USP / Ph. Eur. / JP METHOD
With the traditional harmonized compendial method, the analyst employs a specialized peristaltic pump to pass liquid drug product through dual canisters containing a filter membrane. The analyst rinses the canisters with rinsing fluid, fills the canisters with broth media, and the incubated canisters are manually observed for growth with an incubation period of not less than 14 days. Written observations are used to generate results, along with USP <71> requirements of multiple manual reads. These studies entail the analyst swirling broth media, observing for turbidity, and documenting the visual observations.

LIMITATIONS OF TRADITIONAL STERILITY TESTING

• Lengthy incubation time results in increased holding/inventory costs
• Requires multiple manual reads based on analyst observation
• Not ideal for products with short shelf lives and beyond use dates (BUDs)
• Limits facility throughput

RAPID STERILITY TEST
In comparison to the traditional method, the rapid sterility test utilizes similar initial sample preparation. First, the analyst passes the liquid drug product through funnel units using vacuum filtration. The analyst then rinses the funnels with rinsing fluid, applies the membrane to agarose media, and incubates for no less than five days. The incubated membranes are separated from the agar, and the Milliflex^® Rapid AutoSpray Station automatically applies two reagents across the membrane surface in order to reveal ATP, if present. When ATP produced by microorganisms is present, the bioluminescent indicator applied during the AutoSpray procedure binds to ATP. Next, the treated membranes are photographed using a specialized camera that detects bioluminescent signal due to presence of ATP. Advanced software generates the final result, determining growth or no growth of microorganisms, based on whether or not ATP from microorganisms was detected. The Milliflex^® Rapid System software is 21CFR Part 11-compliant and uses independent analyst log-in credentials that are time and date stamped and captured by an audit trail. With a highly specialized piece of equipment like the Milliflex^® Rapid System, colonies will be detected before they are visible to the naked eye.

At Alcami, comparability studies were performed side-by-side between the harmonized USP <71> sterility test and rapid sterility test, meeting the requirements of USP <1223> and Ph. Eur. 5.1.6. The comparability studies included a variety of microorganisms specifically relevant to the sterility test, including the 6-microorganism panel listed by USP <71>/Ph. Eur. 2.6.1, as well as environmental isolates from Alcami’s laboratory environments. Each was stress-treated in alignment with USP <1223>, and recoverability and identification studies were performed post incubation.

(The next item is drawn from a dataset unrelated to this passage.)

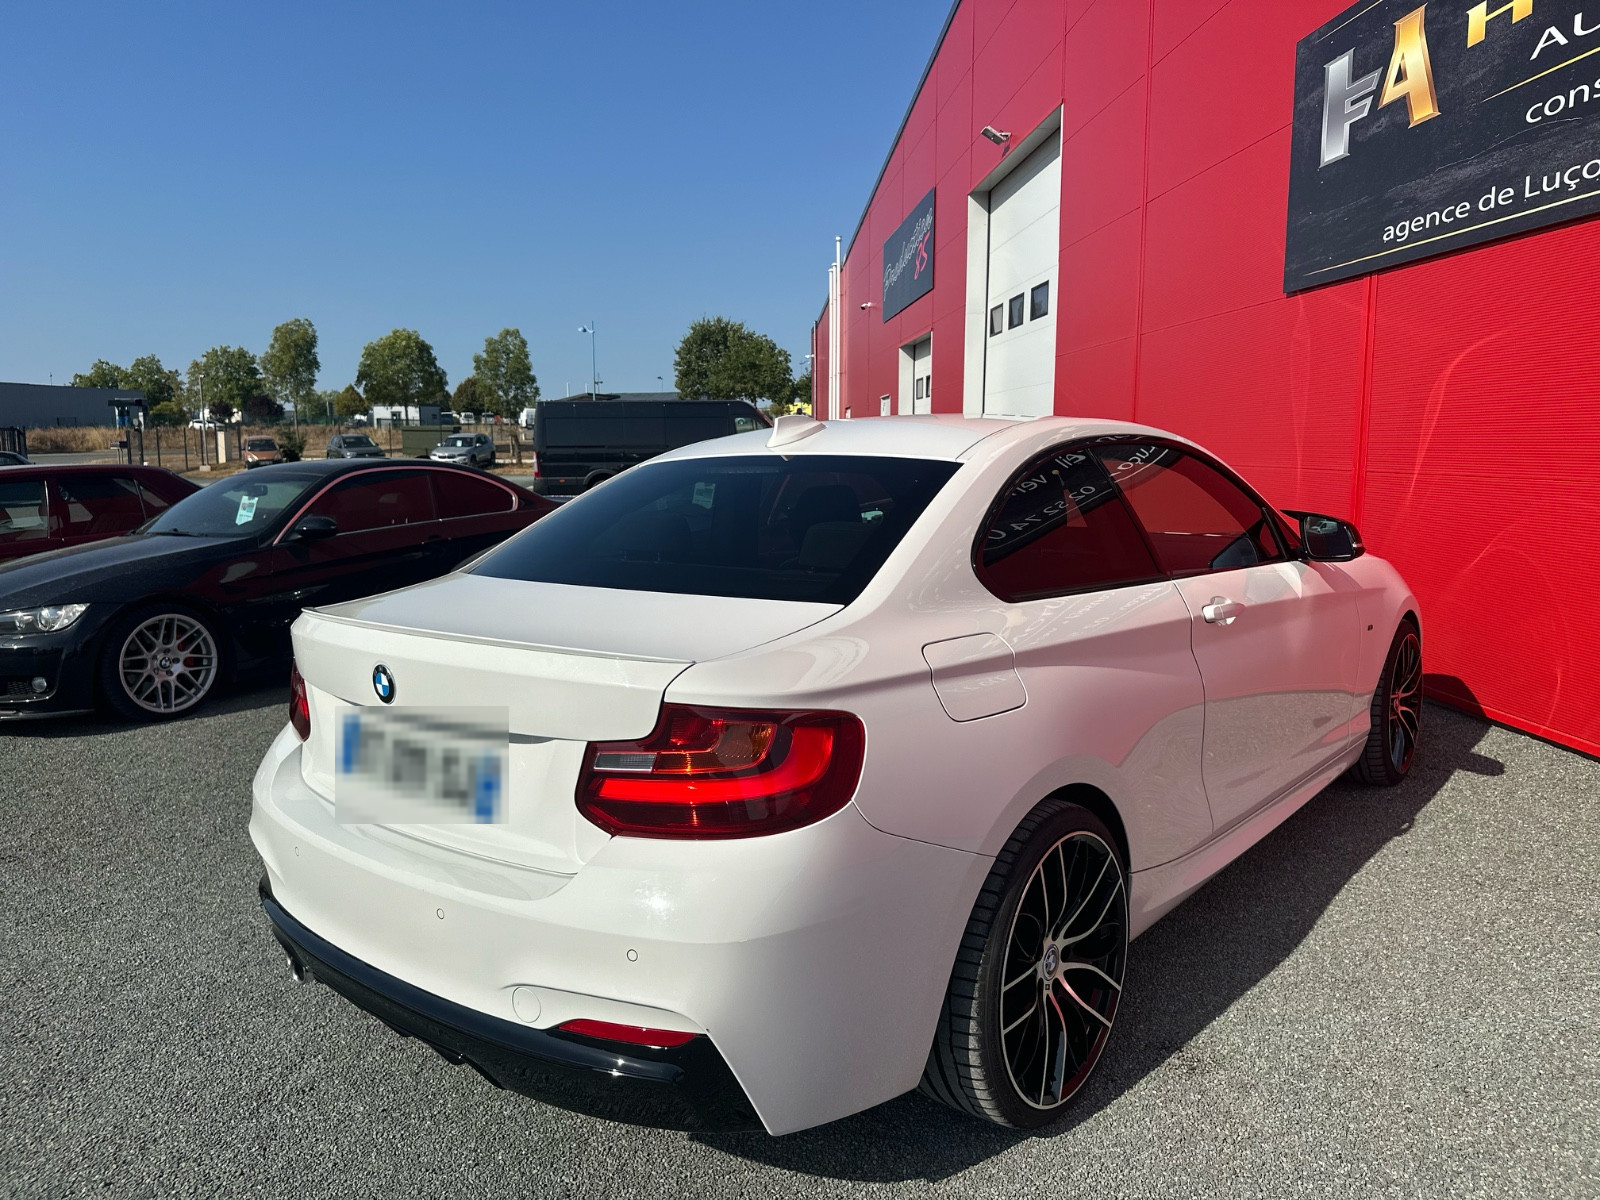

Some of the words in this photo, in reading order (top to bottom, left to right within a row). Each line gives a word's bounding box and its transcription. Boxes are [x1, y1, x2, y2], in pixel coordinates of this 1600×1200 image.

[1382, 201, 1471, 243] agence
[1478, 185, 1515, 212] de
[1524, 158, 1600, 199] Luço

The results demonstrate statistically equivalent recoverability of microorganism between the rapid and referee methods, generating confidence in the new test methodology.

BENEFITS OF RAPID STERILITY IMPLEMENTATION

• Faster release of drug product, especially valuable in the case of market shortage products
• Corrective action can be implemented sooner if the product does not meet specification
• Scientifically demonstrated to have comparable recovery to the harmonized USP <71> reference method
• Like the reference method, microorganisms detected using the Milliflex^® Rapid System can later be identified to the species level
• Reduced observation bias

SUMMARY
The USP test methodology for sterility has been used for many years, serving as a quality verification of drug product sterility. Modern microbiology improves upon the original design by reducing incubation time and utilizing objective computer-based systems for generating results. The Milliflex^® Rapid Sterility System is an ideal rapid method that has proven comparability to USP <71>. The use of ATP bioluminescence as an early detection mechanism for microorganisms modernizes the sterility test while leaving microorganisms intact for microbial identification, if detected. For clients looking for alternate ways to obtain fast results, the Milliflex^® Rapid Sterility System is a great benefit for sterile drug product testing.